It's not just a matter of "not questioning" either. There is a constant institutionalised bombardment, ranging from blatant to sublimal, designed to re-inforce the anti-truths and reversals of reality that the meat industry depends upon.
Words of great wisdom there LVOmnis now, are the people we used to be.
I still have the screaming hump with all the veg-heads I ever met who timidly tried tickling the concrete reinforced bunker of my ignorance with feather dusters. If they had had 'compassion' for me, or for the stream of 'victims' I was creating at the time, they would have taken sledgehammers to it.
All done in the best possible taste ...
The greatest mistake is to do nothing because you can only do a little.
I cannot edit my post for some reason, but I want to add, the OP has done just that, I am not judging her.
The greatest mistake is to do nothing because you can only do a little.
Festered, are you saying I'm unable to think for myself?
Cupid. You are strong and forceful with your opinions and no doubt before you became a vegan, you were equally strong and forceful with your opinions. I think it's a bit rich though if/when we present ourselves as the victims and blame others because they didn't try hard enough to persuade us to go veggie/vegan.
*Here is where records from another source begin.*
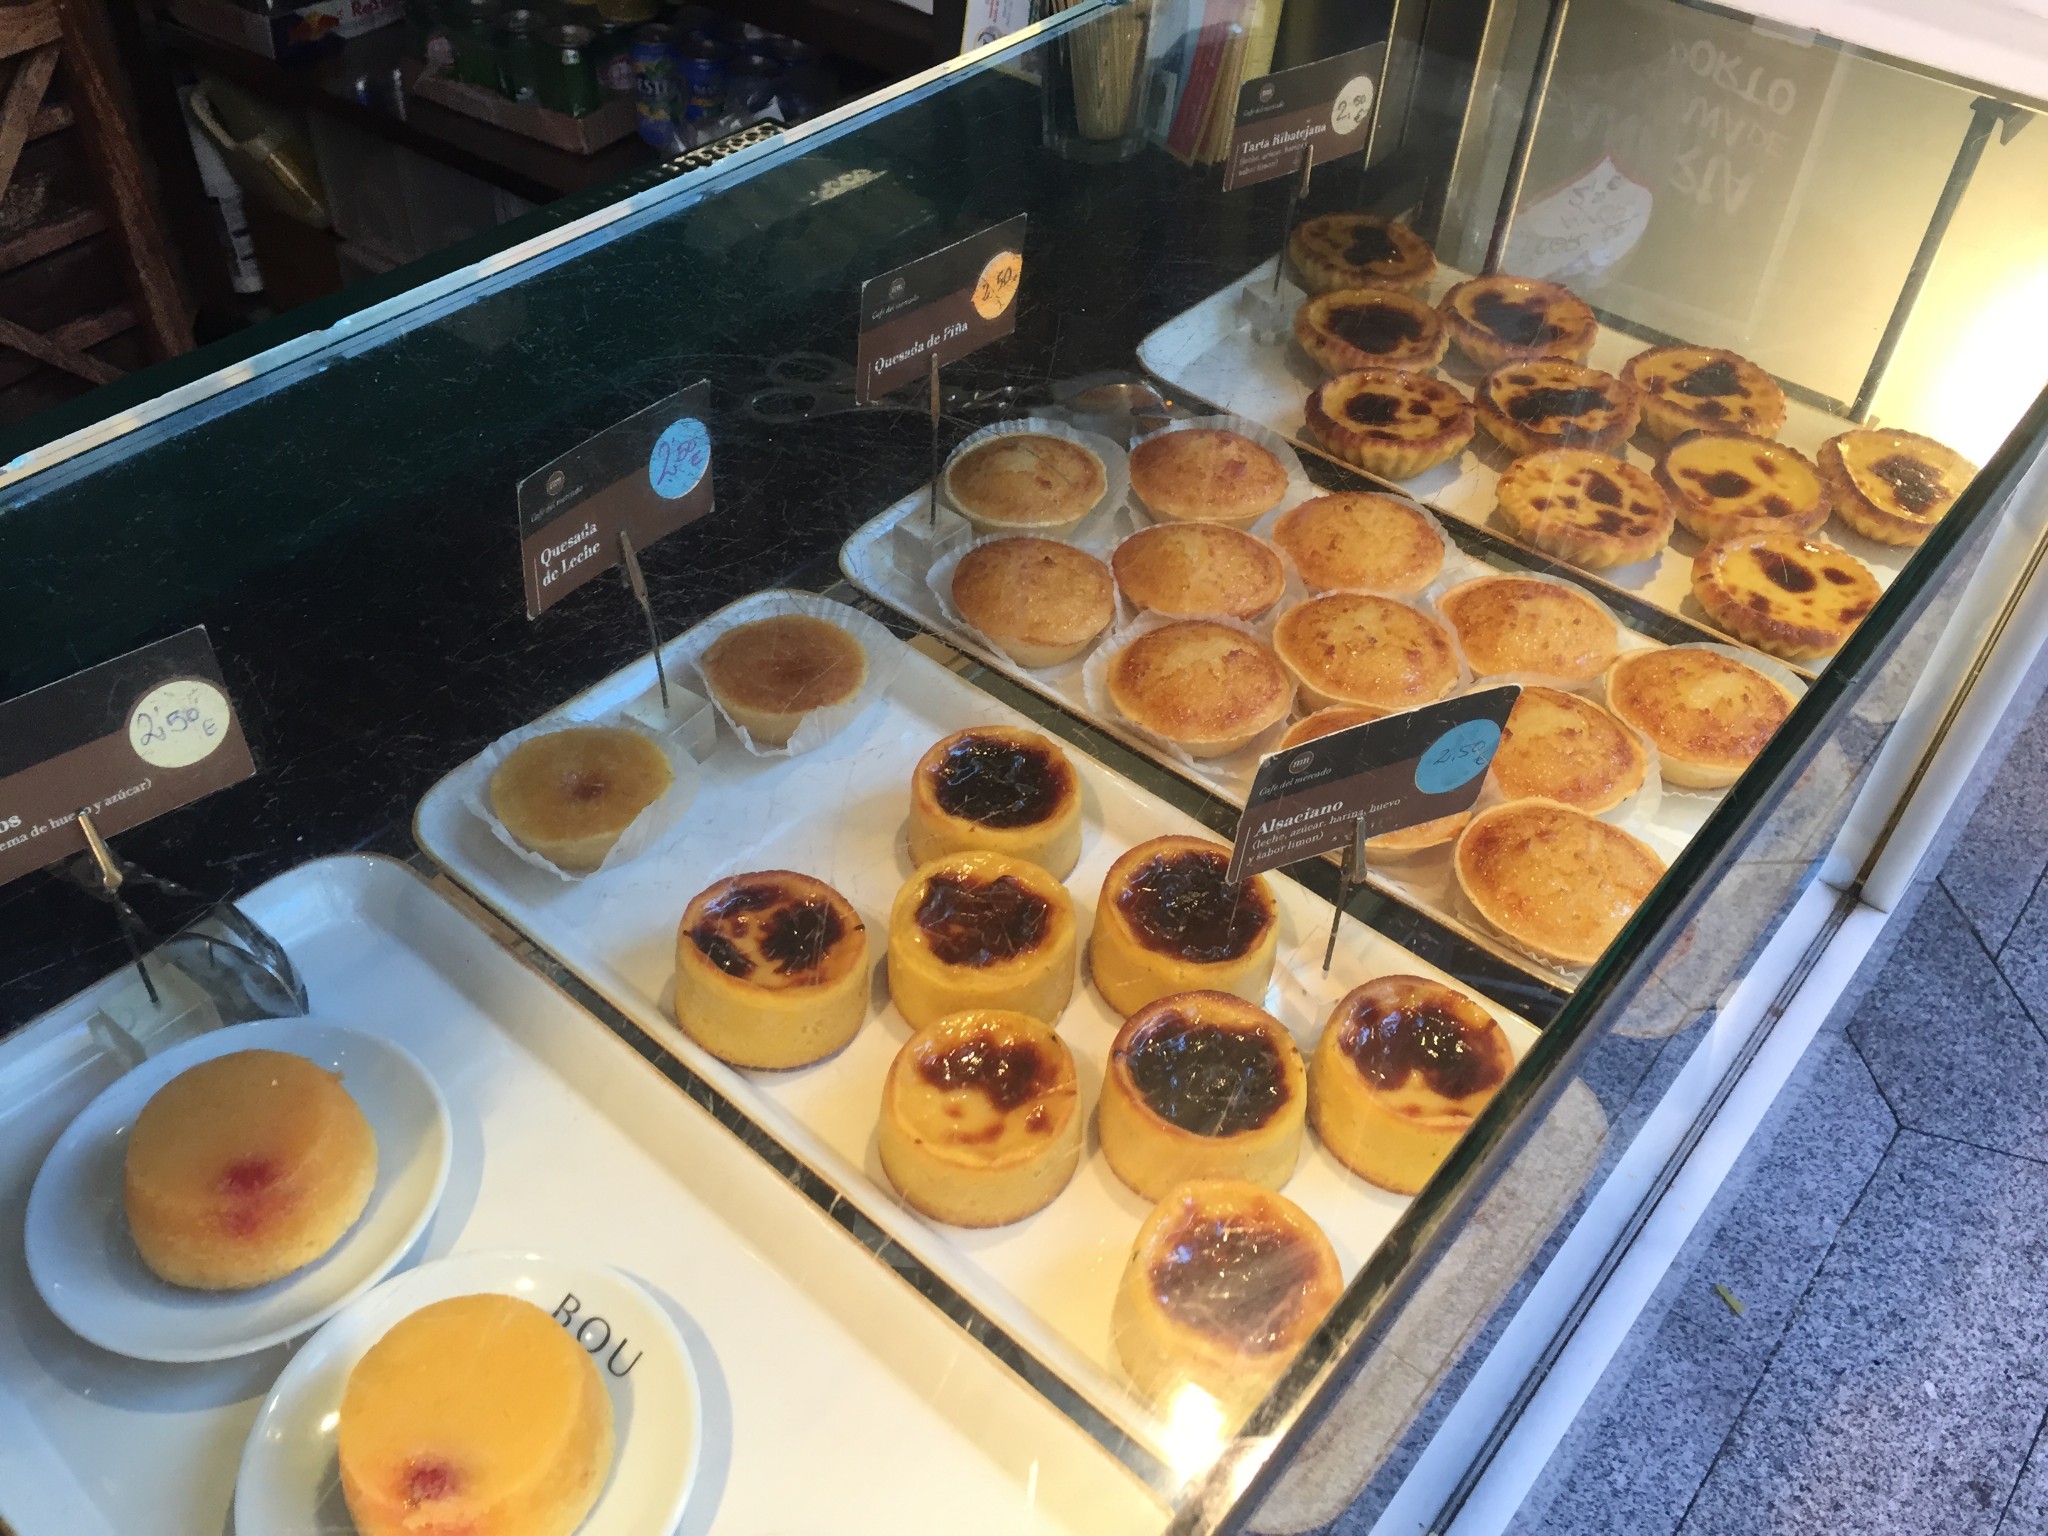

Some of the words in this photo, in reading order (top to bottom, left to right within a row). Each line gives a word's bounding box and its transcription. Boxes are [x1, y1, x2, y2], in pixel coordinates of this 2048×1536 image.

[1242, 139, 1270, 154] Tarta
[874, 341, 925, 375] Quesada
[926, 333, 941, 349] de
[540, 521, 598, 568] Quesada
[542, 569, 559, 587] de
[560, 542, 600, 575] Leche
[1279, 777, 1295, 790] del
[1294, 767, 1332, 785] mercado
[30, 825, 48, 838] de
[48, 806, 92, 830] hueo
[92, 801, 102, 815] y
[103, 777, 152, 807] azúcar)
[1253, 800, 1344, 838] Alsaciano
[1368, 798, 1401, 814] huevo
[1246, 855, 1256, 867] y
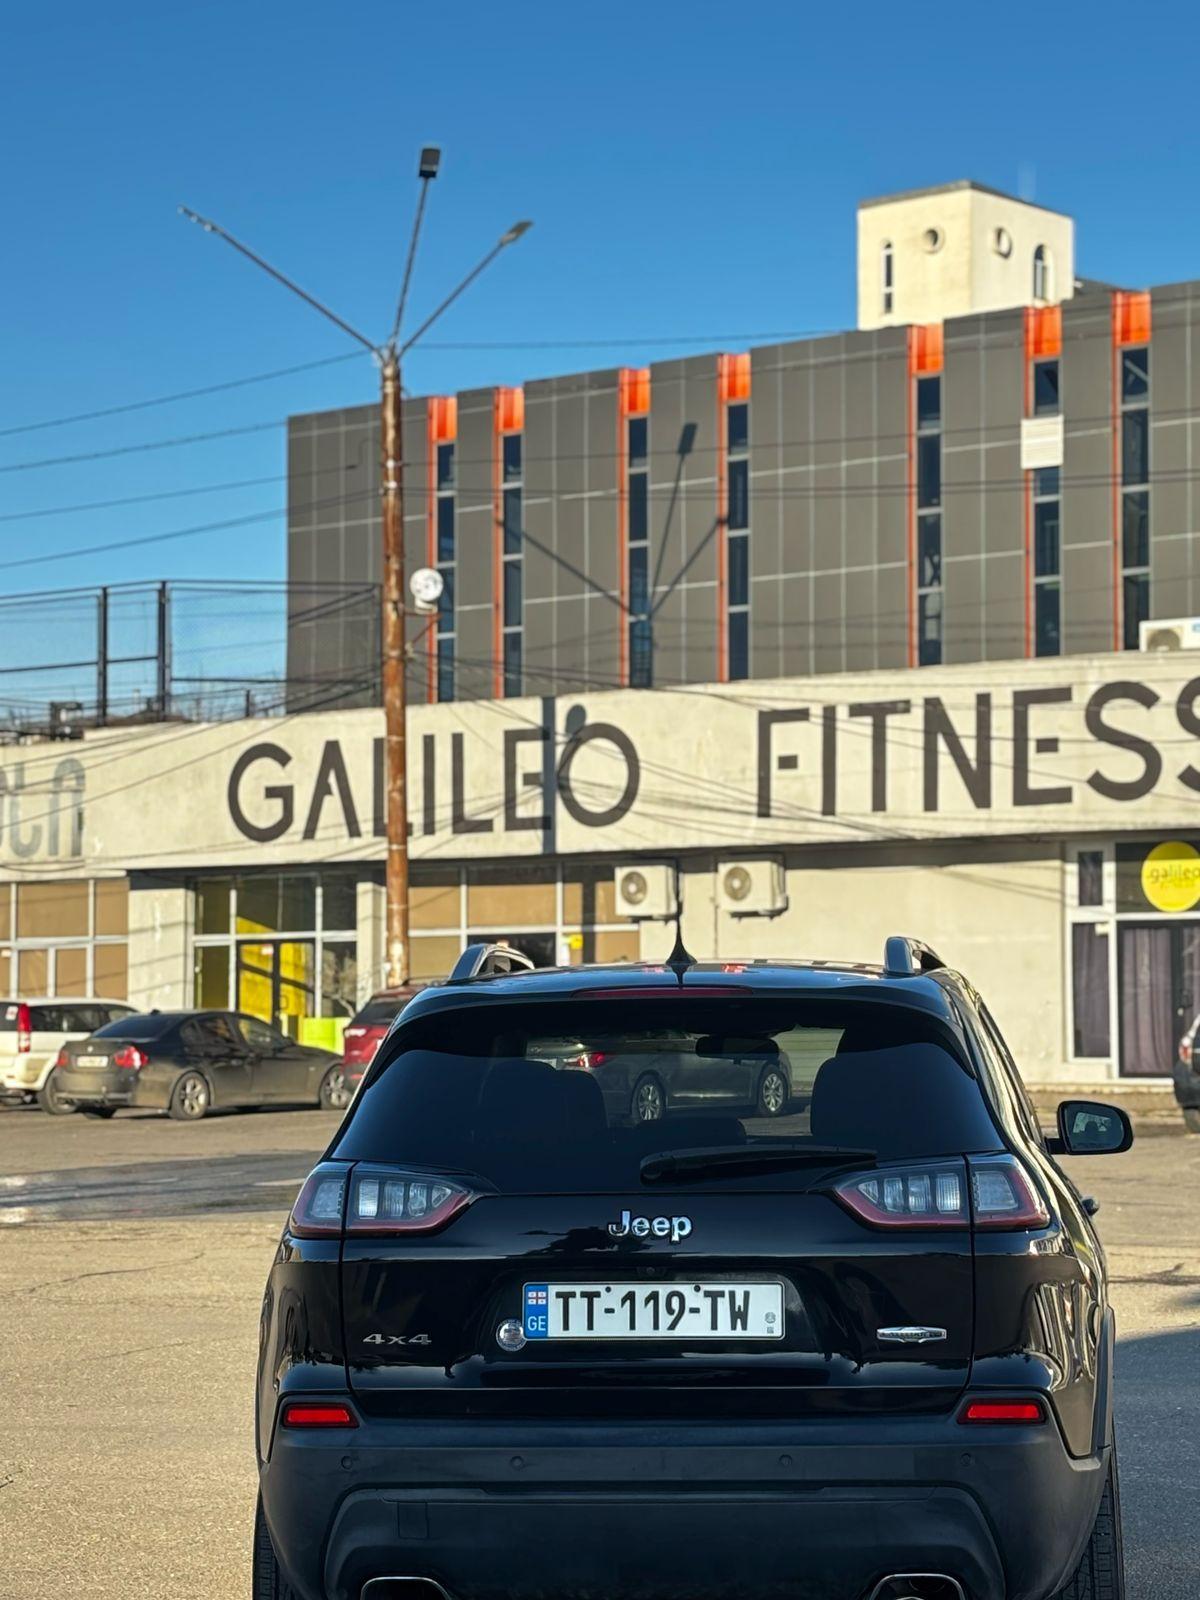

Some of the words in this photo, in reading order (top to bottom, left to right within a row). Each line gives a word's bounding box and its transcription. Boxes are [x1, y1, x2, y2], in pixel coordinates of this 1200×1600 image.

[228, 721, 641, 843] GALILEO
[608, 1210, 693, 1242] Jeep
[527, 1315, 547, 1332] GE
[555, 1289, 751, 1332] TT-119-TW
[362, 1333, 433, 1345] 4x4
We expect omnis to take full responsibility for their actions but this has to apply to us too when we were omnis.
Leedsveg
This is soo true, my parents have struggled with the idea of me being vegan, even though I live away to study. But over Christmas a rather large debate came up and my Mum will not accept that a cow has to be pregnant to produce the milk.. Does anyone have any evidence from a website somewhere to prove that they do? You and I know its true but others find it difficult to accept!
Does anyone also have the problem that people will talk about things but if you show them evidence from a vegan website their immediate response is that the view is biased.. Well surely people who believe the ethics of eating animals and dairy to be wrong are going to be the ones to research it? If a Doctor turned around and provided you advice on how to best maintain one of your organs after researching it themself, would you turn around and say Im sorry your information is biased, do you have any unbiased evidence? Bah!!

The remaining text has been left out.